今天回来的时候,他也故意问了一句开车的事情,来试探松田的视力问题。
因为他们基本断定了他的视力模糊是某种心理因素影响,很有可能就和他的记忆相关,比如为了避免疼痛持续或者其他更严重的应激反应,而出现的某种自我保护机制。
而答案如他所料,松田这两年从来没有开过车,也就是说他的视力问题早就出现了。
他不是最近遇到了他们,才开始想起来的,而是在漫长的时间里,无数次地反复遗忘反复记起,因此才能在错乱的记忆之中,如此准确迅速地定位他们的身份,确保自己不会伤害到他们。
答案如此残酷,让他仅仅触及了边角,就已经感觉到其中的鲜血淋漓。
诸伏景光强迫自己冷静,但松田阵平却主动提出了开车,似乎很确定自己的视力不会出问题。

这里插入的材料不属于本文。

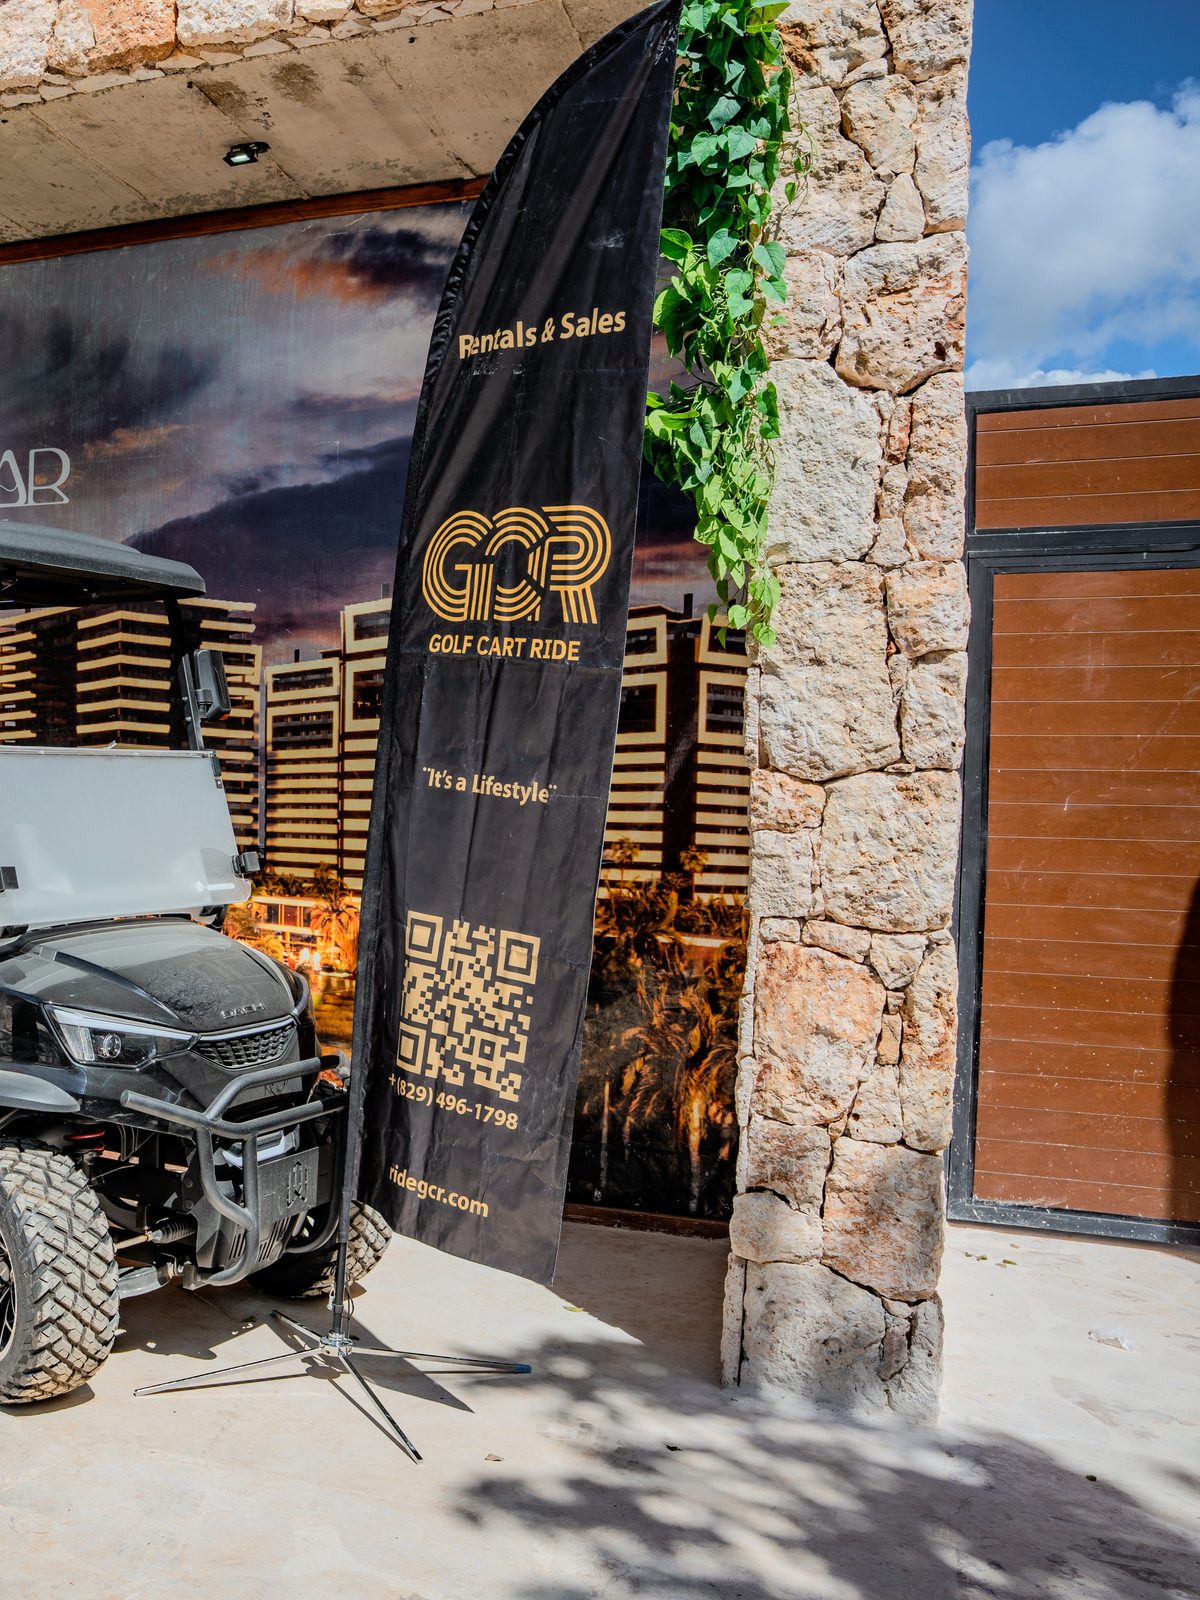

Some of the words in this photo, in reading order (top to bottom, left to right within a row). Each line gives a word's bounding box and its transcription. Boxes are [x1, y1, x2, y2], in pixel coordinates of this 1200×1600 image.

[458, 320, 537, 359] Rentals
[541, 317, 556, 343] &
[559, 307, 626, 339] Sales
[422, 504, 612, 625] GCR
[428, 633, 474, 654] GOLF
[477, 635, 527, 658] CART
[529, 638, 581, 662] RIDE
[455, 776, 467, 792] a
[389, 1164, 489, 1218] ridegcr.com
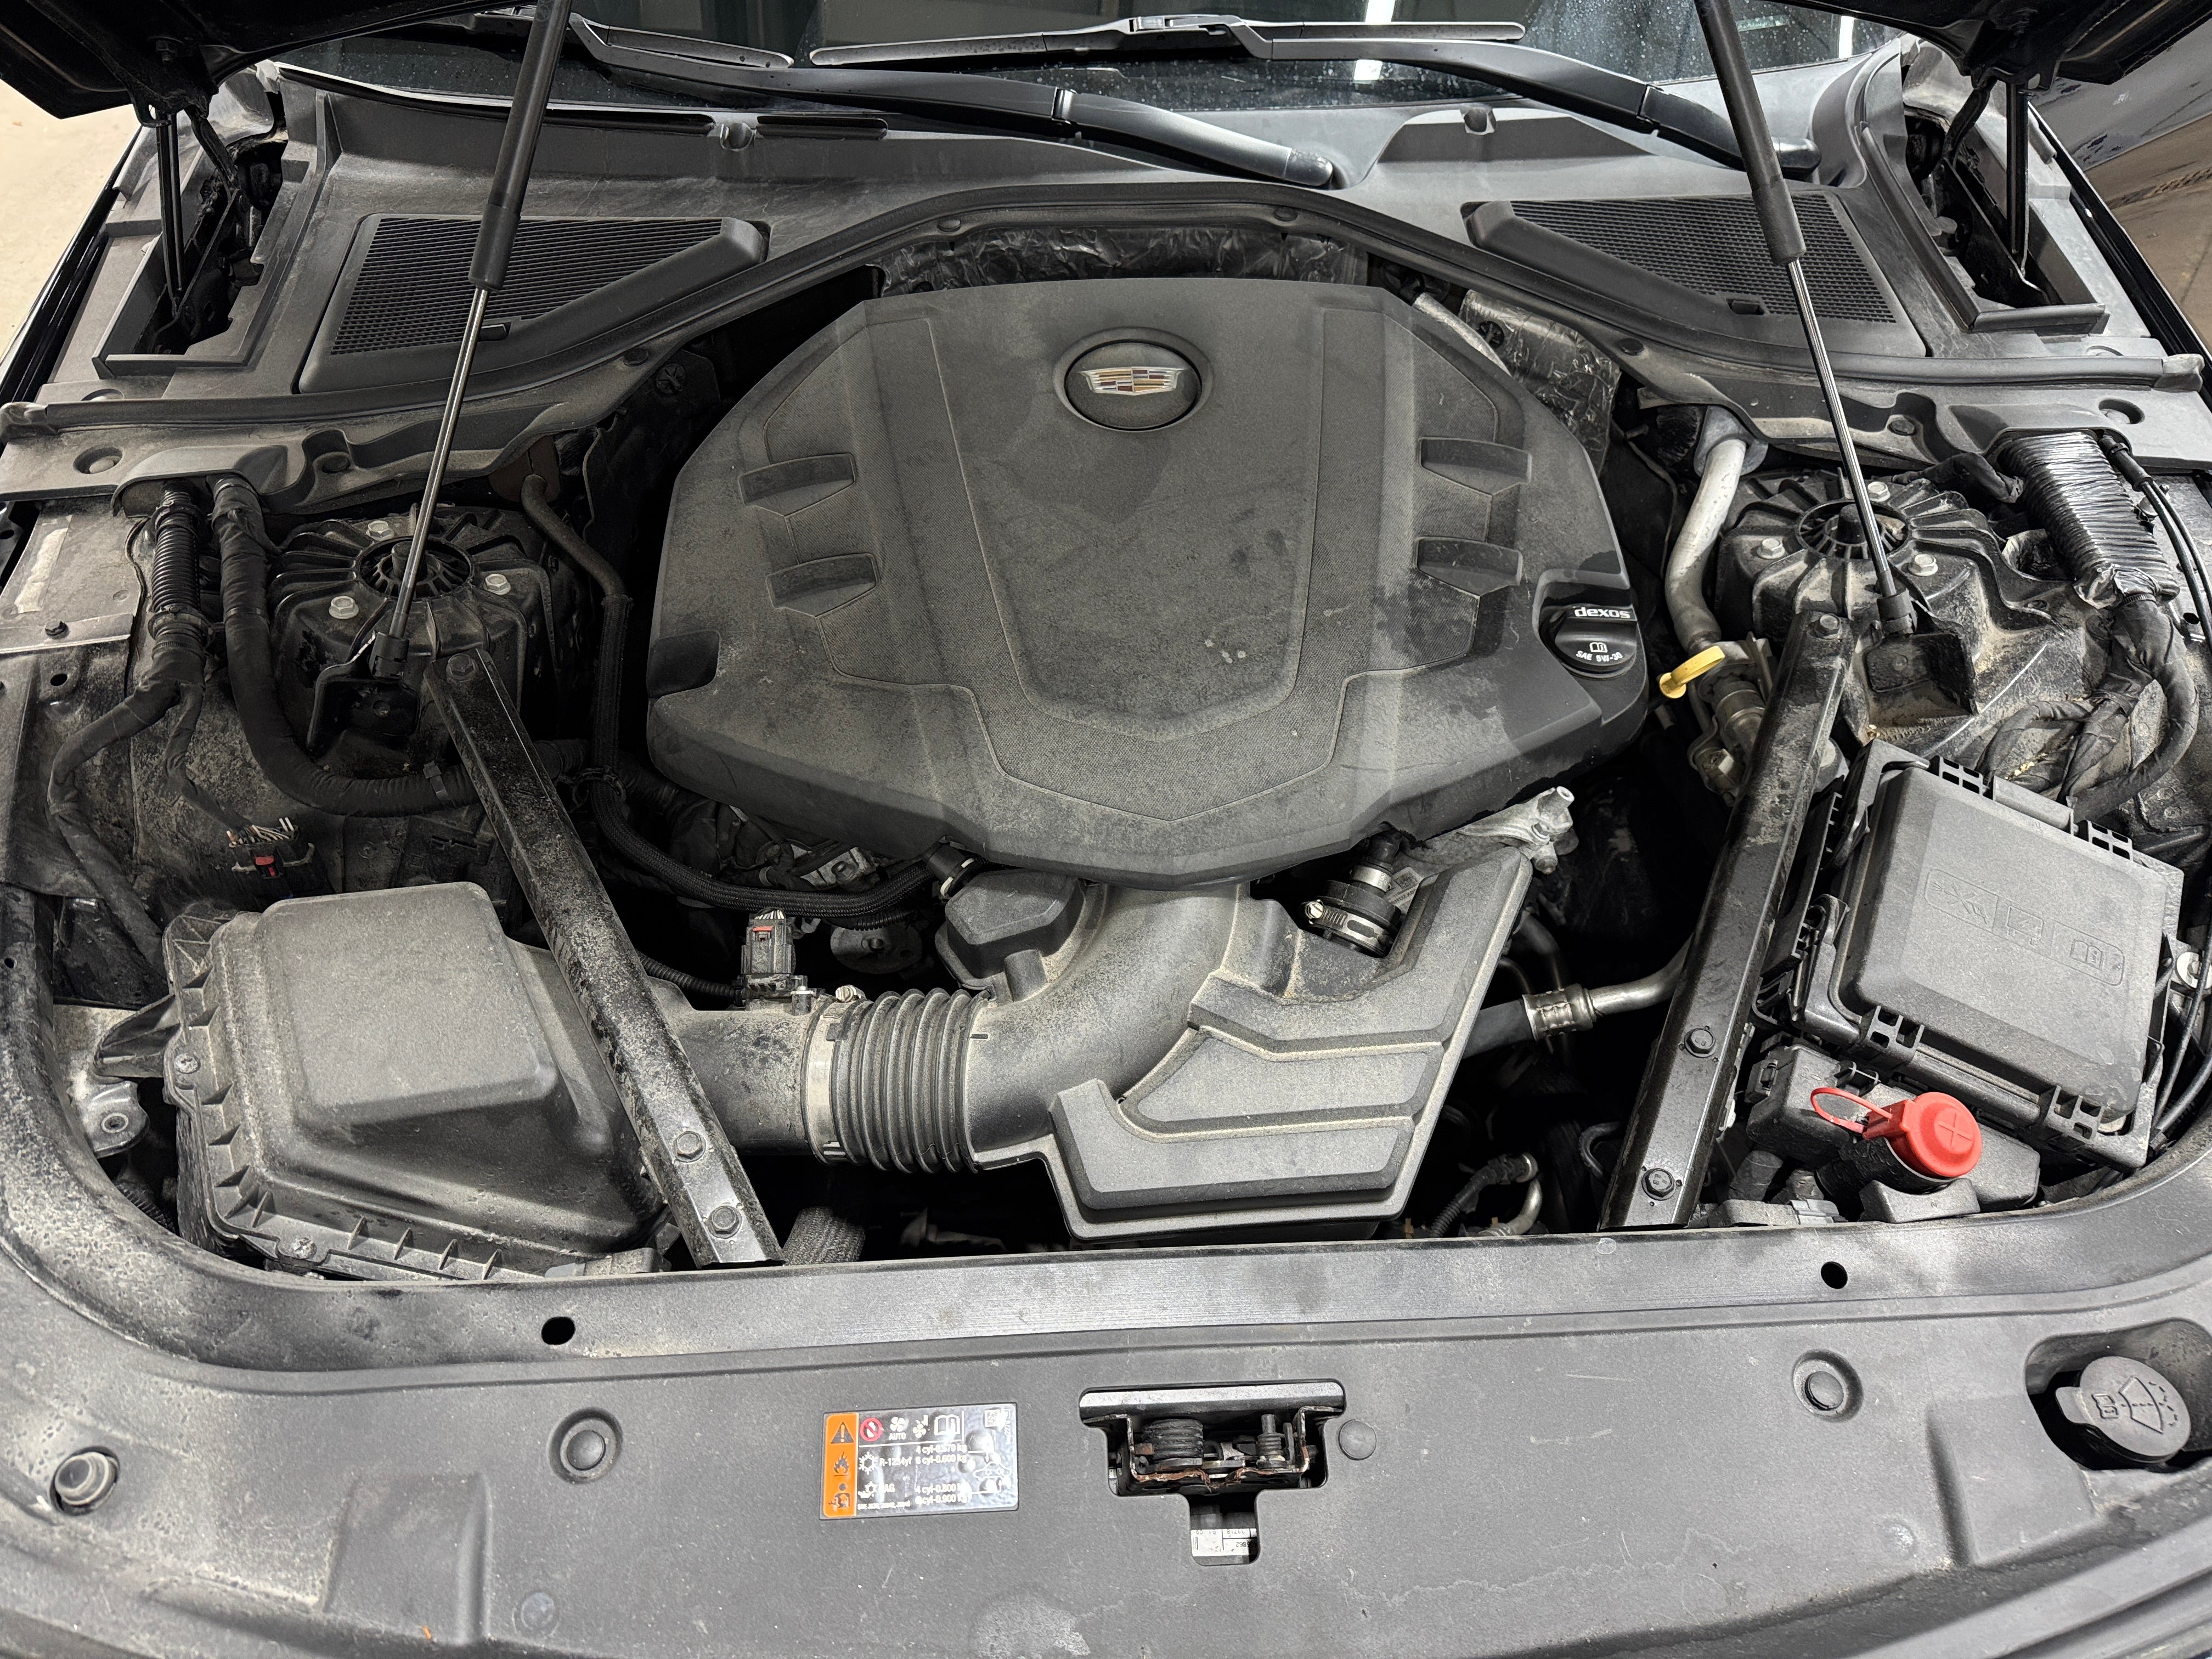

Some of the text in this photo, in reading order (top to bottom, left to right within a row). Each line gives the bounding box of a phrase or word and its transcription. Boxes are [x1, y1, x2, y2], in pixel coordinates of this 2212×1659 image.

[1574, 607, 1630, 619] dexos
[1576, 650, 1623, 662] SAE 5W-30
[889, 1432, 906, 1440] AUTO
[915, 1446, 921, 1454] 4
[957, 1443, 967, 1453] kg
[915, 1456, 921, 1464] 6
[957, 1453, 967, 1464] kg

为什么?是因为在你如今的记忆中,你始终是以科涅克的身份和我相处的,不涉及松田阵平,也就不会出现应激反应是吗?
松田阵平看了一眼汤锅,又看了一眼诸伏景光复杂的表情。
正在他打算放弃分析的时候,诸伏景光忽然说话了,
“等吃完饭之后,我们聊聊。”
松田阵平点点头,答应了下来。
一顿稍显沉默的夜宵过后,两人坐到了客厅。
即使是做好了要询问的准备,诸伏景光也依旧谨慎。
他虽然想试探松田阵平的记忆现在混乱到什么程度,还有多少是真实的部分。
但是也不可能在明知道松田会因为提到过去而出现严重的应激反应的时候,还故意说出指向明显的问题。
他稍微思索了一下,试着绕开,于是斟酌着问,“我们两个第一次见面的时候,你为什么不直接说出科涅克的身份。”
松田阵平微微怔了一下,心想这是什么奇怪的问题?
既然景光已经确认了他是松田阵平,那为什么还故意强调第一次见面?
他又一次没跟上诸伏景光的脑回路,怀疑自己少看了几集,迷惑地打量了诸伏景光几眼。
难道景光是想要和他对剧本?
就像是他和降谷零那天见面的时候一样,先把之前可能留下的漏洞补上?
松田阵平自觉想明白了,于是考虑着苏格兰在组织内的风评,编造出了一个回答。
于是在诸伏景光眼里,对面的青年懒散地靠在沙发上,露出轻松的笑容。
“为什么要这么快说出来,你是琴酒的人,又这么快拿到代号,在组织内相当有名,我有点好奇。”
诸伏景光猛地攥紧了拳,心重重地沉了下去。
这个问题进可攻退可守,如果松田阵平这段记忆还算清晰的话,完全可以按照事实回答,比如当时还不认识苏格兰。
但是……
松田的理由逻辑自洽……他真的觉得自己是早就知道了诸伏景光等于苏格兰。
这还怎么问下去?
诸伏景光这一刻真切的哑口无言,但无言中又生出一种苦涩的愤怒。
他闭了闭眼,放弃了这个话题,转口问道,
“那你上个月忽然离开是去做什么了?可以和我说说吗?”
对面的青年僵硬了一下,眼神闪烁了起来。
“做一点小研究……唔,我负责的部门比较多。”
诸伏景光差点气笑了。
研究?什么研究能让你变成这样,你倒不如说是被研究算了。
明明对他们这么关心,轮到自己后,就恨不得裹得严严实实,一点问题都不肯露出来。
他深吸了一口气,
“那之后……近期还有这种研究吗?”
松田阵平的思路被他带歪,一瞬间想起来答应琴酒的事情。
武器部门,也算是他负责的研究吧?
“也有……”松田阵平琢磨着说,“有些新型武器需要改良和测试。”
“不过不会像现在一样,需要离开一整个月,上次是特殊情况。”
“……”诸伏景光盯着他毫无异样的表情,心中忽然生出寒意。
他在说什么?
他为什么会把武器研发,和组织对他的控制和操作相提并论?
窗户关得紧紧的,但这一刻就仿佛有寒风突然吹了进来,一直渗到诸伏景光的骨头里,让他情不自禁打了个冷颤。